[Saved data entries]
+---+

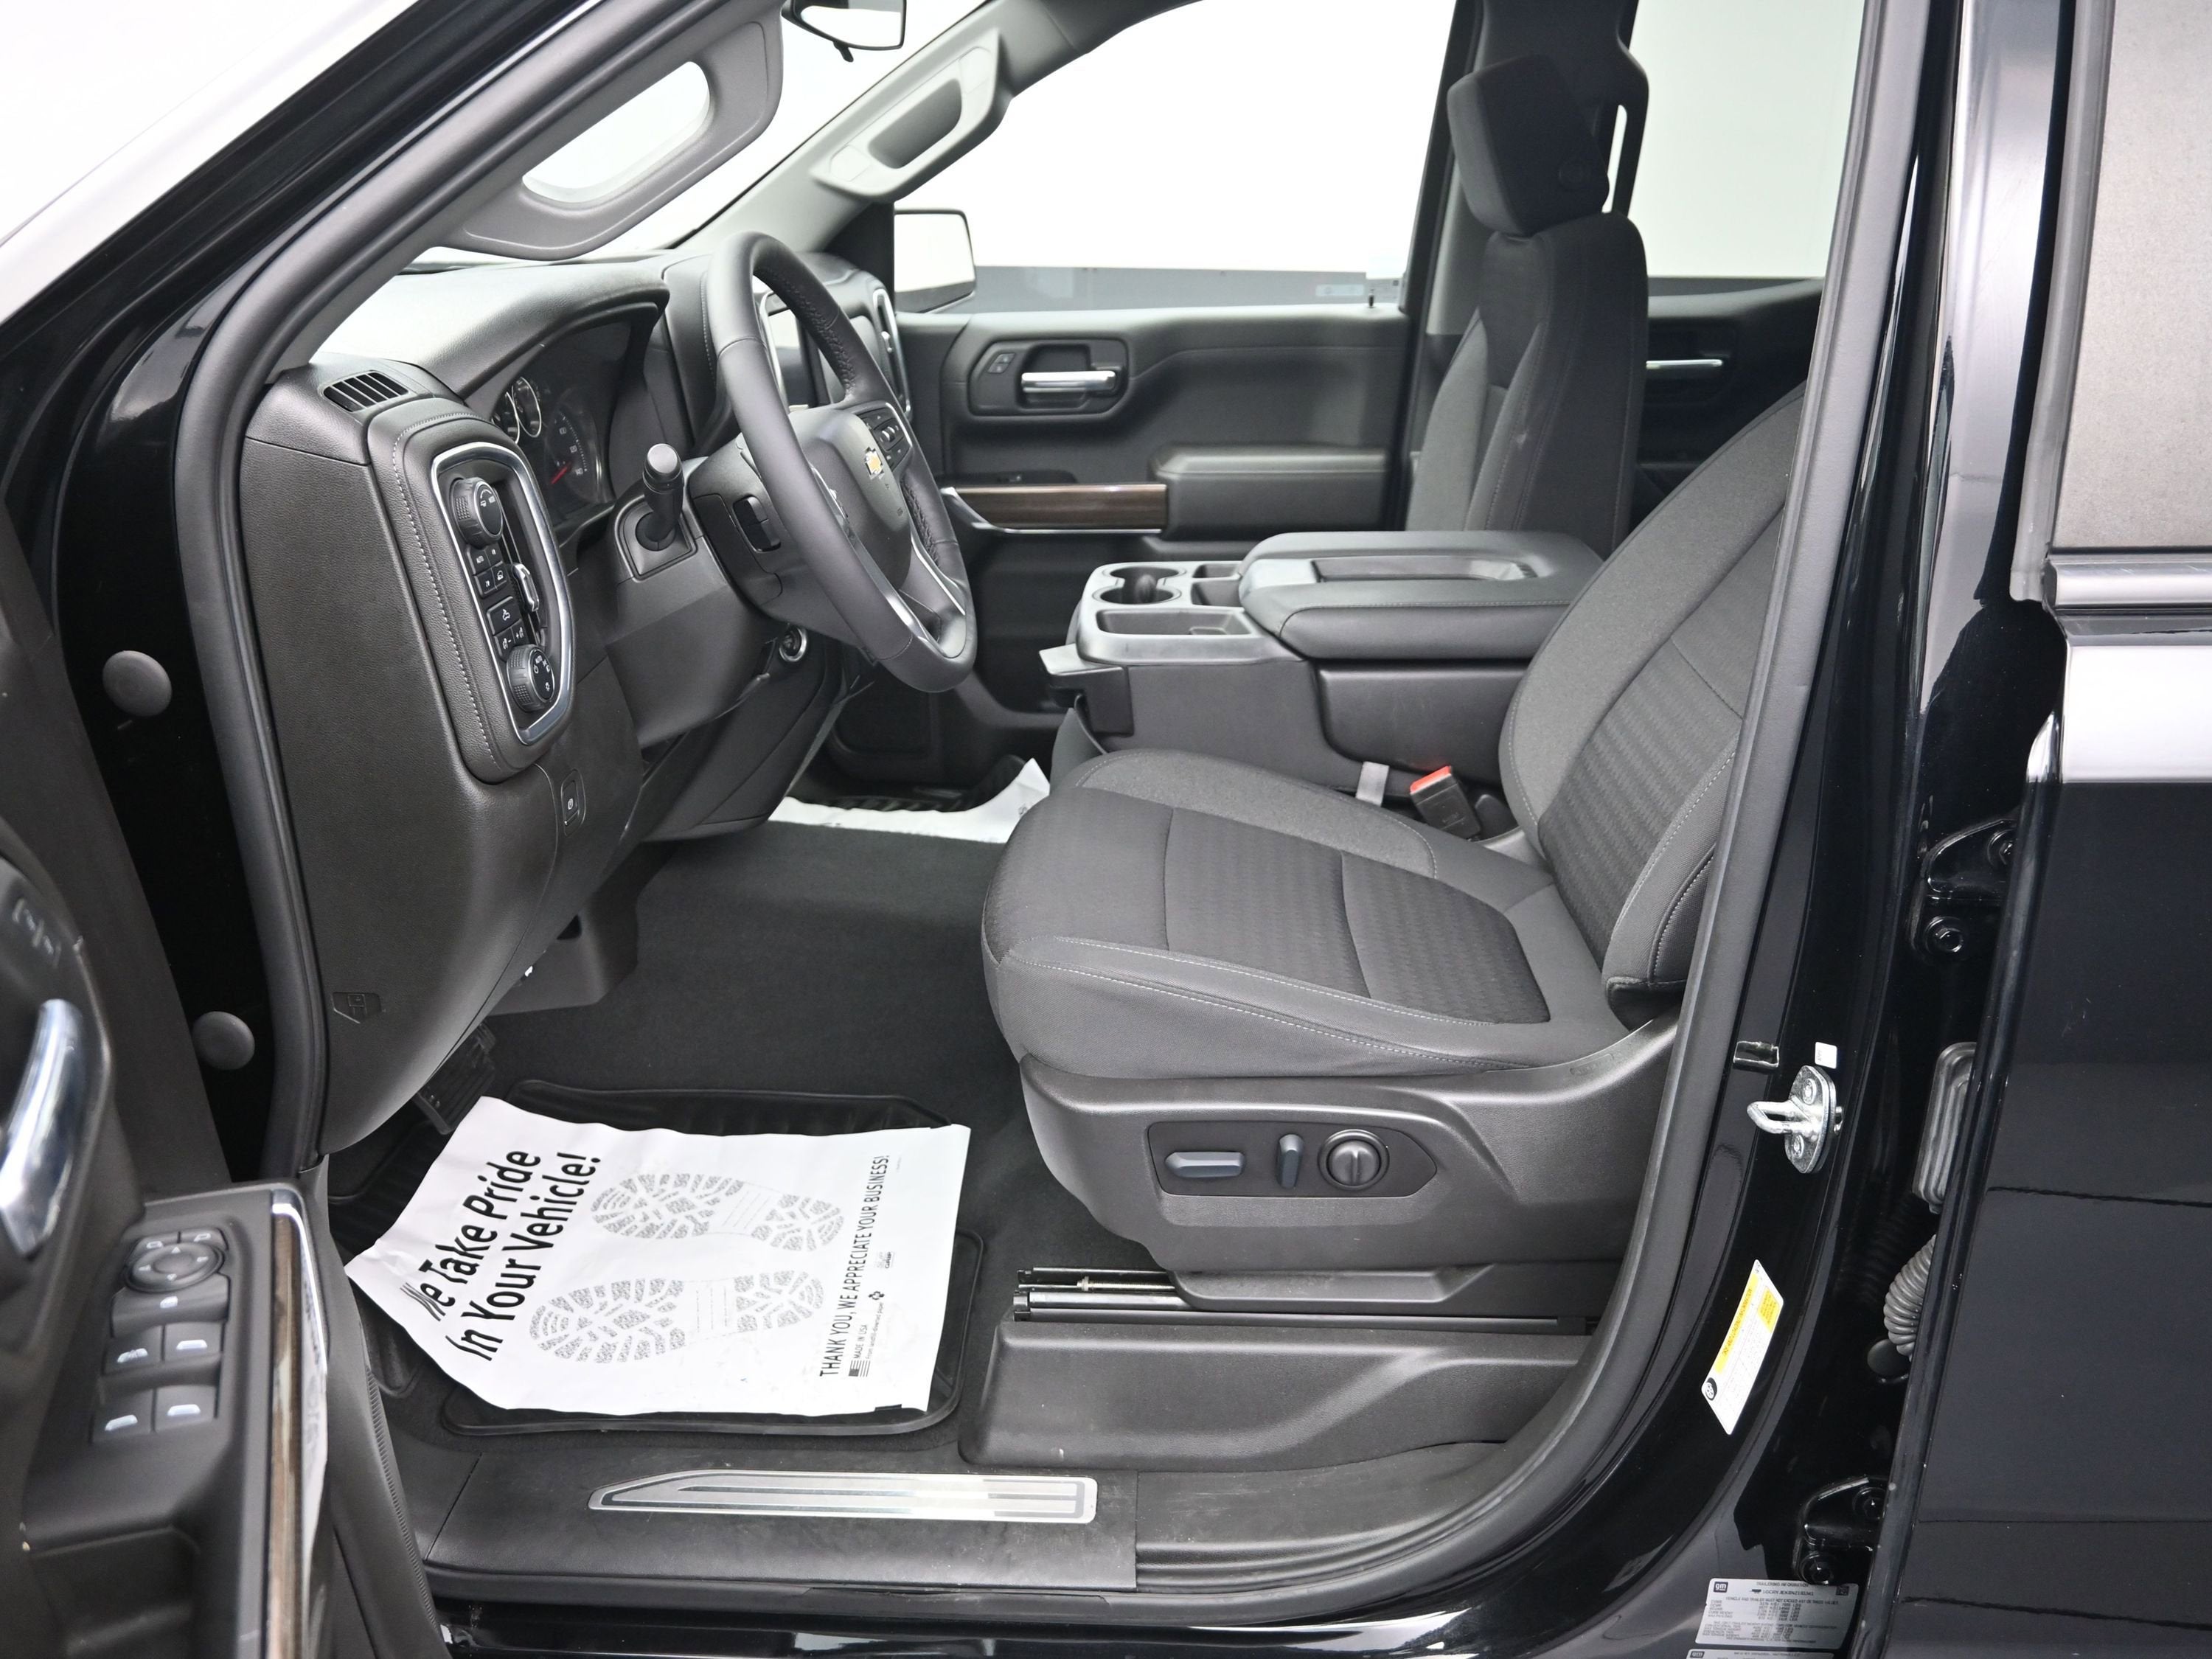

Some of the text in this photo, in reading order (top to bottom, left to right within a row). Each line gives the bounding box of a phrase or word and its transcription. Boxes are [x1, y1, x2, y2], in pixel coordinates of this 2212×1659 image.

[418, 1224, 498, 1284] Take
[462, 1150, 541, 1220] Pride
[445, 1152, 601, 1361] In Your Vehicle!
[819, 1155, 890, 1377] THANK YOU, WE APPRECIATE YOUR BUSINESS!
[854, 1343, 864, 1359] MADE
[1715, 1583, 1727, 1591] gm

+---+

> [Your task] Reproduce the records, all of them, word for word; omit the pictures.

> [Answer to this problem]
Some of the text in this photo, in reading order (top to bottom, left to right within a row). Each line gives the bounding box of a phrase or word and its transcription. Boxes are [x1, y1, x2, y2], in pixel coordinates of this 2212×1659 image.

[418, 1224, 498, 1284] Take
[462, 1150, 541, 1220] Pride
[445, 1152, 601, 1361] In Your Vehicle!
[819, 1155, 890, 1377] THANK YOU, WE APPRECIATE YOUR BUSINESS!
[854, 1343, 864, 1359] MADE
[1715, 1583, 1727, 1591] gm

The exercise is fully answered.